--- Supplied records Enclosed Below ---

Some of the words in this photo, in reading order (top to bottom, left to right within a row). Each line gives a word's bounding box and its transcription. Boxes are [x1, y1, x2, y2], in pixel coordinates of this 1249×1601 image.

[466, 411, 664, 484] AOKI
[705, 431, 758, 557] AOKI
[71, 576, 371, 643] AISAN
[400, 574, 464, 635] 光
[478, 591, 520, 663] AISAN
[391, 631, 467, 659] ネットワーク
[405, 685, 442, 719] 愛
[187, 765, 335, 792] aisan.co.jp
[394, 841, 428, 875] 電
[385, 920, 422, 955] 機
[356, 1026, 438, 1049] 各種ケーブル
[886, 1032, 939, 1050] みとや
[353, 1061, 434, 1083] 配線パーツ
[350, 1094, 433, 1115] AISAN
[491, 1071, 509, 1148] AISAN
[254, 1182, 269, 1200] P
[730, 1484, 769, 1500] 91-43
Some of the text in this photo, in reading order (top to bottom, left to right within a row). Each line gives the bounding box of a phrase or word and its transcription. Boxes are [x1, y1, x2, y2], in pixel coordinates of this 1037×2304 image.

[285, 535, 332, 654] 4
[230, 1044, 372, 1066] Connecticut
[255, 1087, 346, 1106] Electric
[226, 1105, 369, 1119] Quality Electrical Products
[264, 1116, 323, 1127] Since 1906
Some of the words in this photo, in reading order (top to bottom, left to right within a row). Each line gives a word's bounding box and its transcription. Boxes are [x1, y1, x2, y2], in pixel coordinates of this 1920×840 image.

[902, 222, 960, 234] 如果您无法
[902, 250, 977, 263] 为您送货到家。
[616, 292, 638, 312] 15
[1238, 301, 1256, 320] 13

--- End of Enclosed Supplied records ---

Assignment – Give back every entry above, complete and exact.

Completed task –
Some of the words in this photo, in reading order (top to bottom, left to right within a row). Each line gives a word's bounding box and its transcription. Boxes are [x1, y1, x2, y2], in pixel coordinates of this 1249×1601 image.

[466, 411, 664, 484] AOKI
[705, 431, 758, 557] AOKI
[71, 576, 371, 643] AISAN
[400, 574, 464, 635] 光
[478, 591, 520, 663] AISAN
[391, 631, 467, 659] ネットワーク
[405, 685, 442, 719] 愛
[187, 765, 335, 792] aisan.co.jp
[394, 841, 428, 875] 電
[385, 920, 422, 955] 機
[356, 1026, 438, 1049] 各種ケーブル
[886, 1032, 939, 1050] みとや
[353, 1061, 434, 1083] 配線パーツ
[350, 1094, 433, 1115] AISAN
[491, 1071, 509, 1148] AISAN
[254, 1182, 269, 1200] P
[730, 1484, 769, 1500] 91-43
Some of the text in this photo, in reading order (top to bottom, left to right within a row). Each line gives the bounding box of a phrase or word and its transcription. Boxes are [x1, y1, x2, y2], in pixel coordinates of this 1037×2304 image.

[285, 535, 332, 654] 4
[230, 1044, 372, 1066] Connecticut
[255, 1087, 346, 1106] Electric
[226, 1105, 369, 1119] Quality Electrical Products
[264, 1116, 323, 1127] Since 1906
Some of the words in this photo, in reading order (top to bottom, left to right within a row). Each line gives a word's bounding box and its transcription. Boxes are [x1, y1, x2, y2], in pixel coordinates of this 1920×840 image.

[902, 222, 960, 234] 如果您无法
[902, 250, 977, 263] 为您送货到家。
[616, 292, 638, 312] 15
[1238, 301, 1256, 320] 13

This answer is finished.